Finance Sustainable Buildings
The core feature of an on-bill scheme is the involvement and active role of the utility company supported by financing institutions in the energy renovation of residential buildings. The cornerstone of on-bill schemes is using the utility bill as the repayment vehicle for retrofitting or renovating residential buildings.
Based on the source of financing, there are two main mechanisms applicable to on-bill programmes: on-bill financing (OBF) and on-bill repayment (OBR). A typical On-bill Financing scheme represents an On-bill Repayment scheme where the utility company takes the role of the investor. Furthermore, there are two types of On-bill Repayment schemes: type A, where the utility company uses its own funds to finance the interventions, selling these loans to financial institutions in the second phase of the project; and type B, where the utility company raises private capital upfront.
Despite the fact that on-bill schemes can be structured to ensure “bill neutrality” (meaning that the projected energy savings offset the fixed monthly loan or tariff instalment), the European Consumer Organisation BEUC recommends that the amount of the repayment should not exceed the savings or be compensated by increased comfort instead.
On-bill schemes are successful in resolving some of the typical barriers energy efficiency projects may face when implemented in residential buildings, such as:
However, these schemes introduce end-user barriers as the incentives split between tenants and owners, where the benefits and costs of energy renovation are unevenly distributed. In short, owners tend not to invest in energy savings measures that primarily benefit tenants, while tenants are not willing to make investments in residential units they do not own. A way of overcoming split incentives for the utilities is to scale up this approach aiming at offering lower prices without diminishing sales targets.

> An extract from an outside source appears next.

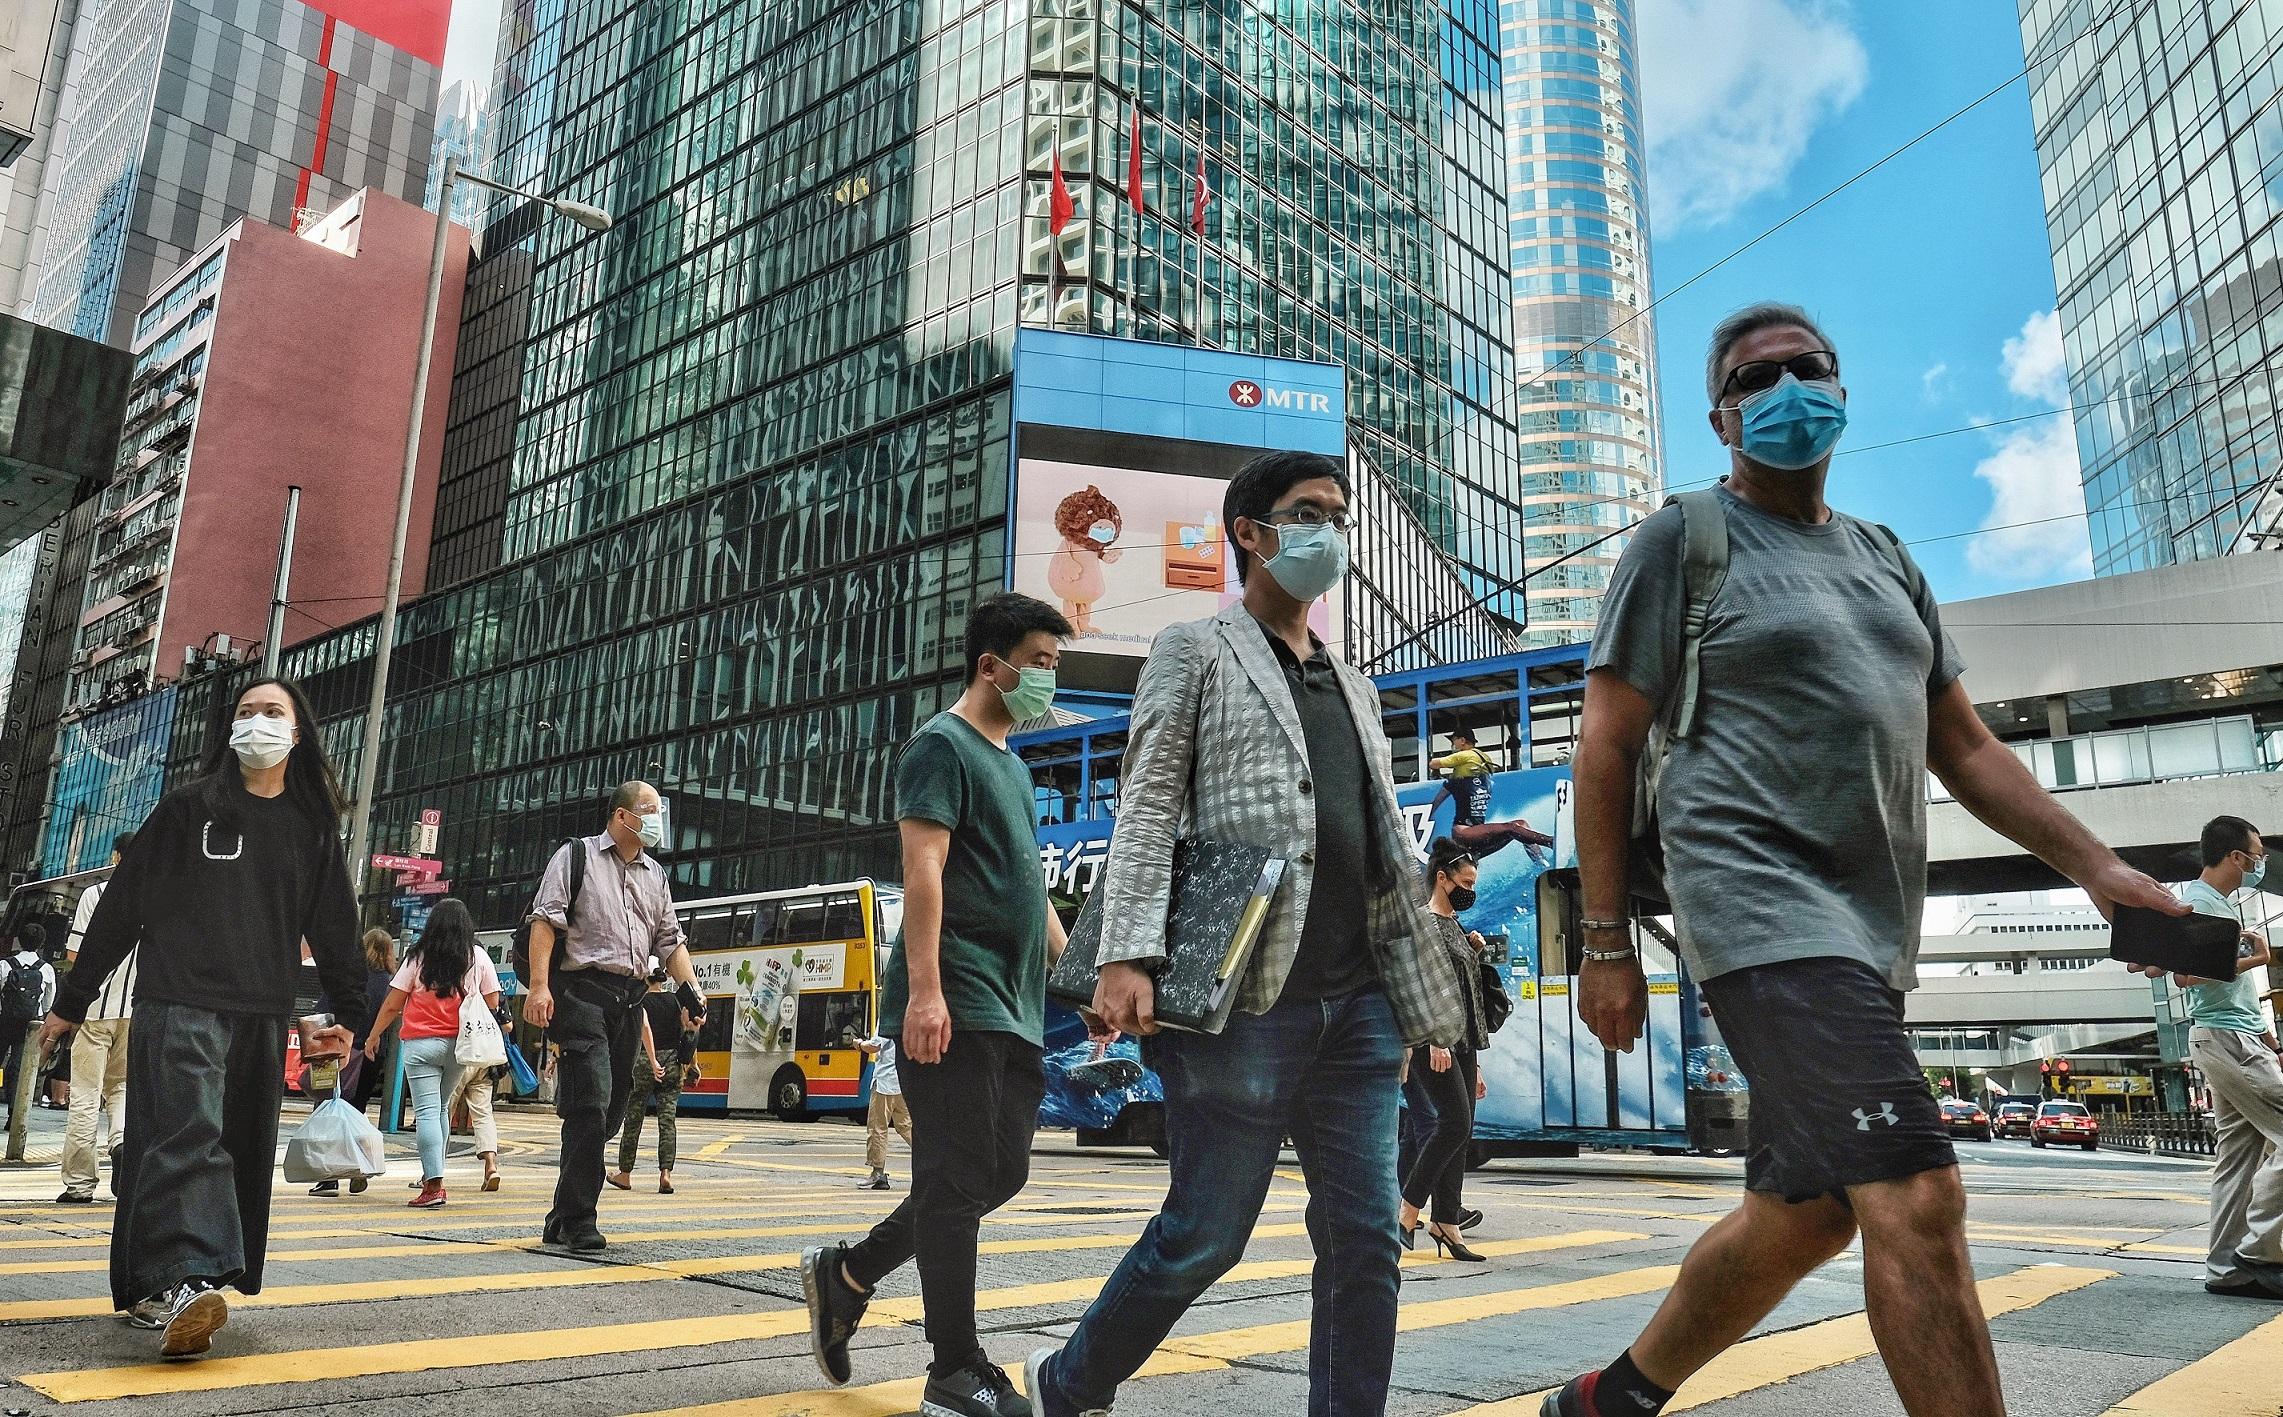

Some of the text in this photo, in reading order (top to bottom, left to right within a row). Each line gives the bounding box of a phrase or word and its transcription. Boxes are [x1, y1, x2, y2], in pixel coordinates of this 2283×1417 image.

This scheme will increase the available funds for retrofitting and renovation projects as part of the life cycle of buildings. This scheme overcomes upfront barriers faced by the owners of a real estate property.
Aiming at solving the owner-tenant dilemma, the EU member states should introduce owner-tenant laws that enhance the fair distribution of the investment costs, for example by using a share of the energy benefits for investment repayments and making the renovation investment equally appealing for both groups.
Provisions for protecting investors from default on the repayment of renovation costs while maintaining consumer protection should also be considered. Increasing credit protection would allow investors to relax their lending criteria, allowing much easier and more efficient uptake of on-bill schemes. For vulnerable groups of people, public authorities must act as guarantors in case of end-user default by implementing loan loss reserves and guarantee funds; this would replace potentially undesirable means of securitisation, such as grid disconnections.
Manitoba Hydro Power smart residential loan programme, Canada
Manitoba Hydro offers its residential customers Pay-As-You-Save (PAYS) financing for eligible energy efficiency upgrades, notably for space heating, insulation, and water heating equipment. Monthly payments are added to the utility bill and are transferable to the next homeowner. Launched in 2005, this program supports around 5,000 participants per year, with approximately 6,000 USD of investment. Besides this, the program has a loan default rate equal to 0.48%, and on average a project saves 825 kWh/year, or 7.5% of energy used.
Among the supported interventions, there are: residential space heating equipment; insulation and residential water heating and conservation; drain water heat recovery systems; and water efficient toilets. The potential beneficiaries are residential customers of the Manitoba Hydro, with homes where energy improvements are made and have an active Manitoba Hydro account in good standing.
In this case, the capital for the on-bill programme comes from public money of the Manitoba government and lend to the Manitoba Hydro at low cost. The Manitoba government does not back any of the loans. The maximun term depends on the upgrade, but the most common terms go up to 20-25 years. The interest rate charged by Manitoba Hydro sits at 4.8%.
Key strengths were found upon this specific case. Relaxed underwriting criteria resulting in rejection rate of 5%, interest rates were kept relatively low, and a quick turnaround time for approval of around 48 hours. Additionally, this business model supported a limited range of interventions.